A real platform for knowledge must be inclusive and agnostic. Internet is not good or bad, is the content we put in it that is qualitatively good or bad. And is the use me make of that information that can be morally right or wrong.

Openness and sharing is today also the engine of new knowledge and ideas production.
Many and new forms of art are flourishing around the cross-pollination of ideas and some other in the digital space are growing from the reuse made possible by Creative Commons.
Different studies1 report that today in science and technology research is not carried by ingenious individuals, but by the effort and collaboration of entire groups who share their results.
Finally, knowledge is the seed of innovation and today also one of the engines of large scale economy. More than 20 of top 200 companies by revenue are from the Information Technology, Telecommunications and Information based services and many didn’t exist few years ago. Sadly information, more than traditional goods, can be easily hidden, locked and at last also used to subtly influence decisions.

Transparency is another concept that is strictly related to Openness.
Governments and public organisations are today starting a process to bring their information available following initiatives like Open Data or similar models.
Private organisations are trying to change, at least internally, to meet the transparency principles. In particular in the Information Technology sector, some of them are already embracing the open model also outside of the organisation boundaries.

Today information revolution is also a revolution of interpersonal network relations. In this new topology the Plato’s dialogue is not enough: we are moving towards a model where on the other side there are many contributors who can debate and keep decisions collectively. Ideas are moving faster, changing owners quickly and evolving in a Darwinian-like system. The difficult part is: are we already able to dissociate the ideas from the individuals that are carrying them? and follow their evolution?
I feel that we are still failing on how to decide which is the best model and medium for the topic and the audience involved.
Today ideas are not more on two different sides, but are clustered along multiple dimensions.
Left and right are concepts born during the industrial revolution. The information and knowledge revolution is still searching a new concept and new models.

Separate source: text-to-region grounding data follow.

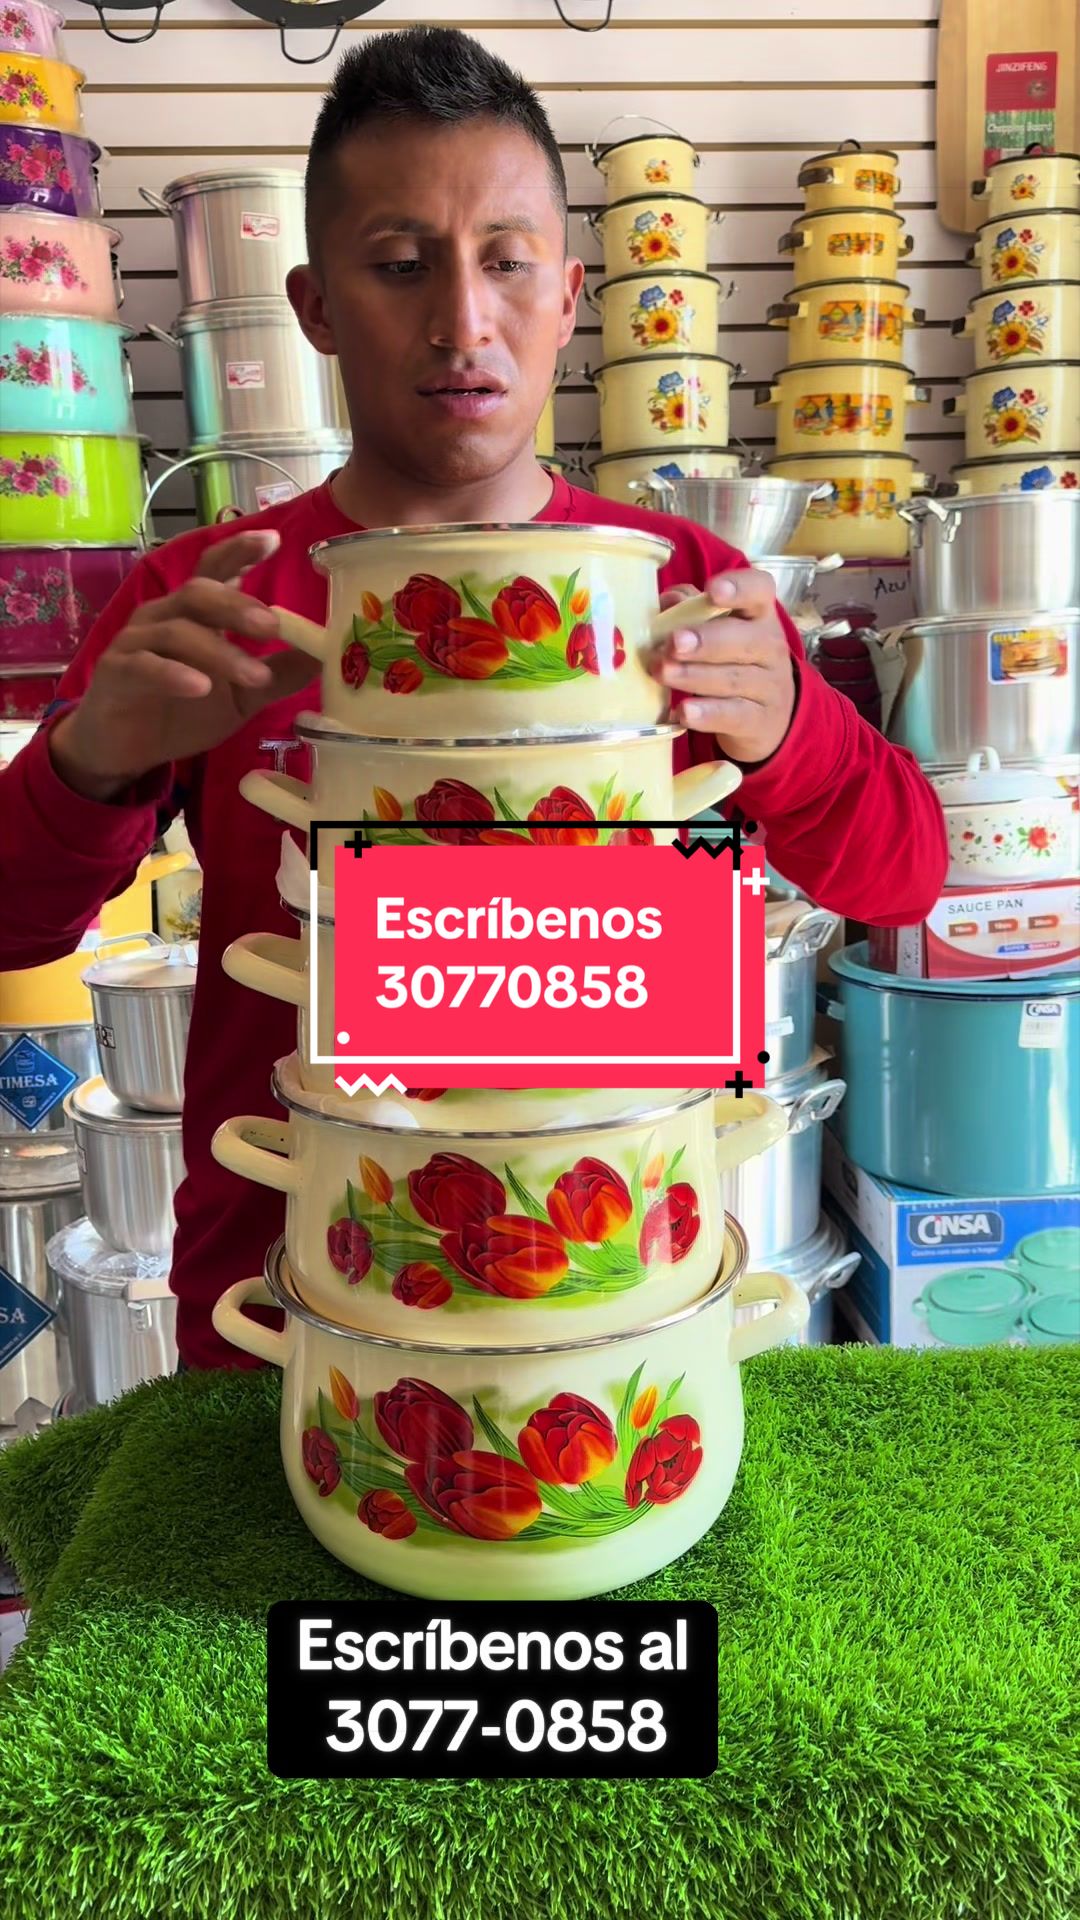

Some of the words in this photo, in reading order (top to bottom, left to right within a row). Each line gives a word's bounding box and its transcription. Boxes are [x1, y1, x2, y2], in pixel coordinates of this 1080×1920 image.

[948, 902, 993, 914] SAUCE
[997, 899, 1024, 909] PAN
[918, 1213, 992, 1244] CINSA
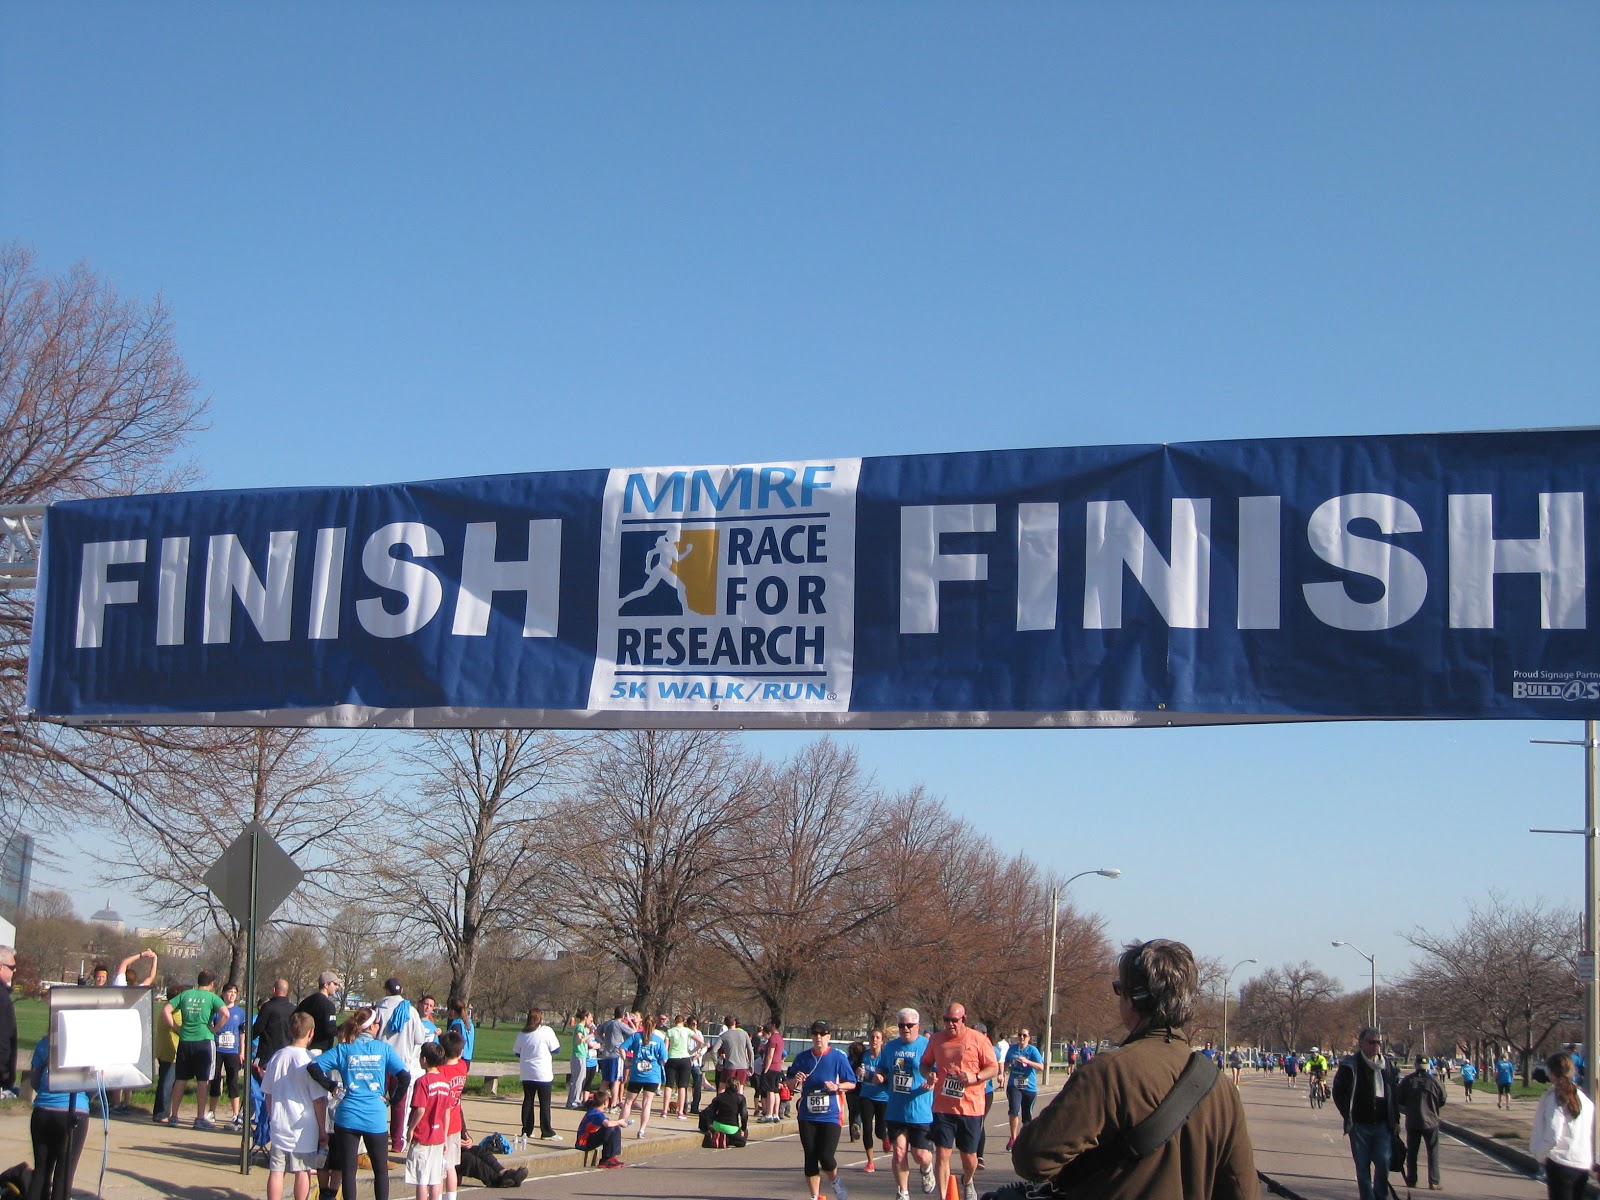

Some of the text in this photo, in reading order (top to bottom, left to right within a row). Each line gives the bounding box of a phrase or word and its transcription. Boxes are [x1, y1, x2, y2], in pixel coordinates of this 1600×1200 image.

[623, 465, 836, 514] MMRF
[727, 524, 828, 566] RACE
[900, 492, 1587, 634] FINISH
[75, 518, 563, 649] FINISH
[726, 575, 827, 616] FOR
[615, 625, 825, 666] RESEARCH
[610, 681, 648, 699] 5K
[1513, 670, 1539, 679] Proud
[1540, 670, 1575, 681] Signage
[810, 1096, 825, 1106] 561
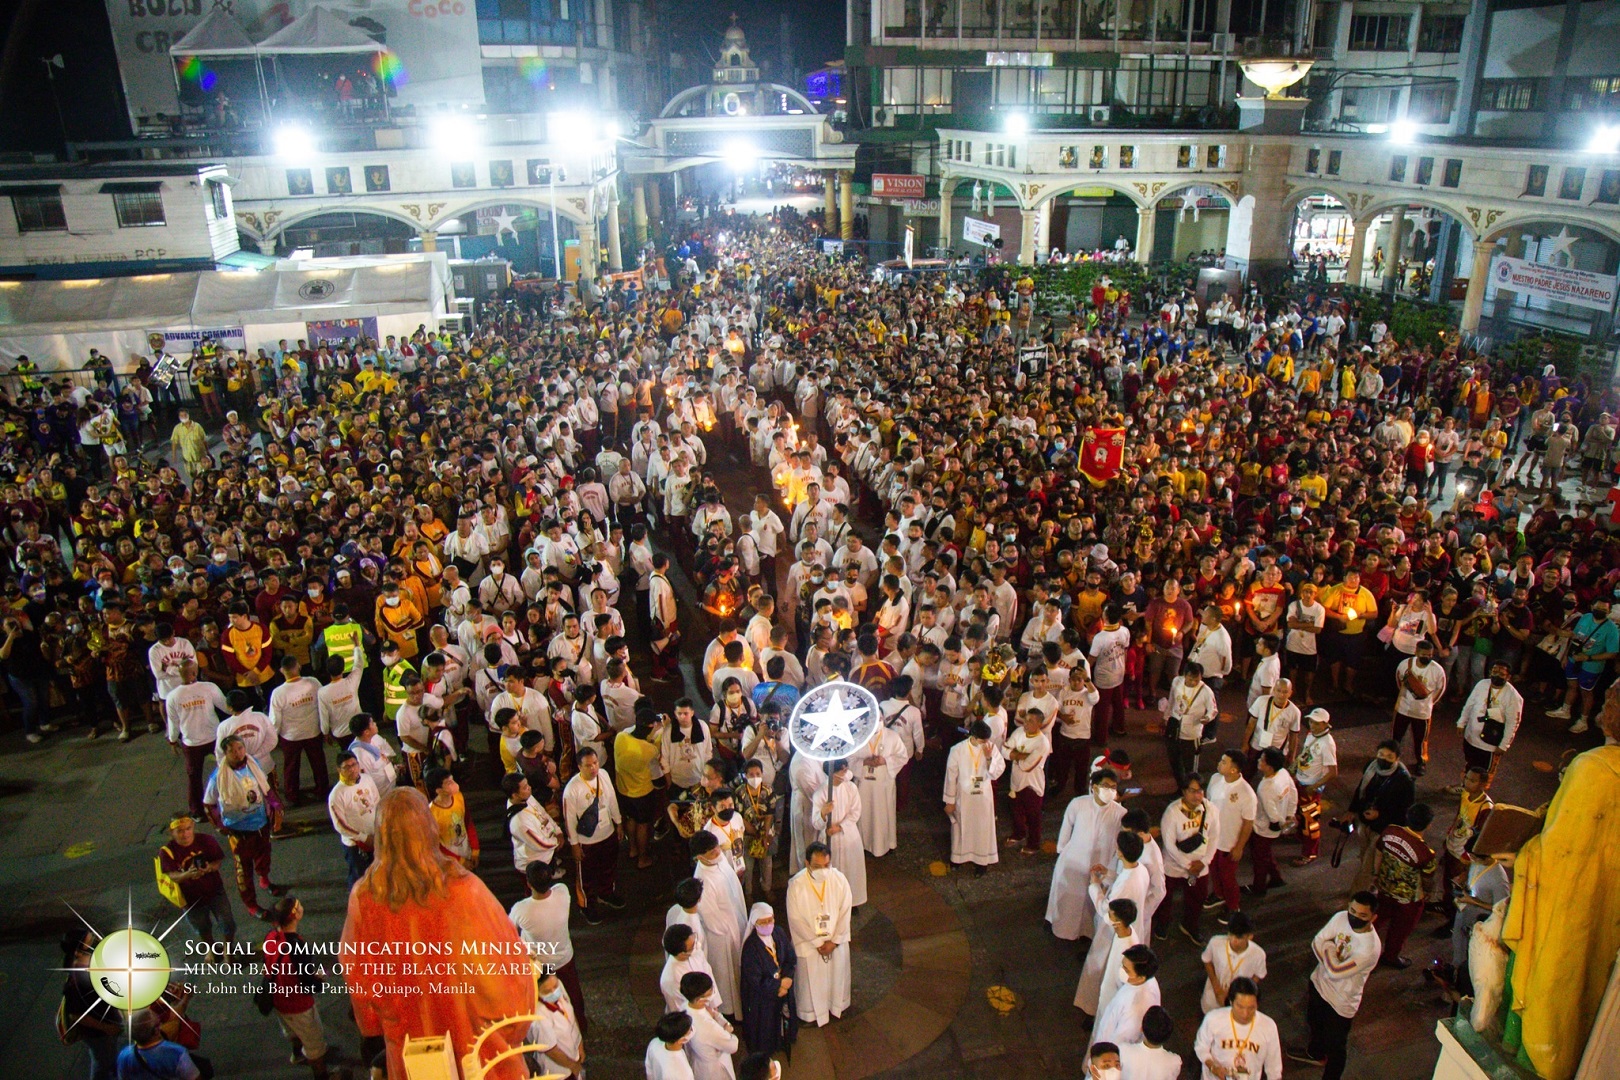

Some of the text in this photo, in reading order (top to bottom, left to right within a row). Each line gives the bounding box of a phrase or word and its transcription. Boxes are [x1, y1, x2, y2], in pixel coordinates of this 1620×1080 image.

Some people are scared that blogs and any non-peer-reviewed information will bring down the quality of the content we find on the Web.
Is up to everyone and each of us to know the basic concepts that helps us distinguish good and bad quality information. Is very easy for us to re-share an information but very few spend time to verify or it.
Recently reading one of Ethan Zuckerman’s research results I learned about how we tend to add in our network people that are similar to us.
In this network with few hubs and many nodes, the figures acting as bridges are the future of how we are going to make the World Wide Web wider and avoid narrowing our point of view.
We, in first person, must be willing to cross this bridge: rewire the system, fix our media, fix the internet, fix the education.
Many of us initially thought that Openness was only about licences, copyrights and Richard Stallman’s 4 software freedoms. For me Openness today is also about people and society, being an active contributor and embracing diversity , being able to understand different opinions, different ideas and different cultures.

Today not sharing an information is the equivalent of killing its growth: being passive is becoming equivalent to opposing to it. Is up to us to disagree or agree, share or influencing your peers with knowledge that we find important (or not).
Ethics and moral responsibility is today in the hands of each of us more than has been in any point in the past.

“Why should you care? Because the Web is yours.”
(Tim Barnes Lee)

Knowledge and ideas are the oil and gas for the future generations. Please take care of them, keep them free and don’t lock them to help the world express its full power and potential.
Is a new challenge for politics and our education system to understand the importance of this new resource and safeguard it.

“Your obligation is that of active participation. You should not act as knowledge absorbing sponges but as whetstone on which we can all sharpen our wits”
(Edsger W. Dijkstra)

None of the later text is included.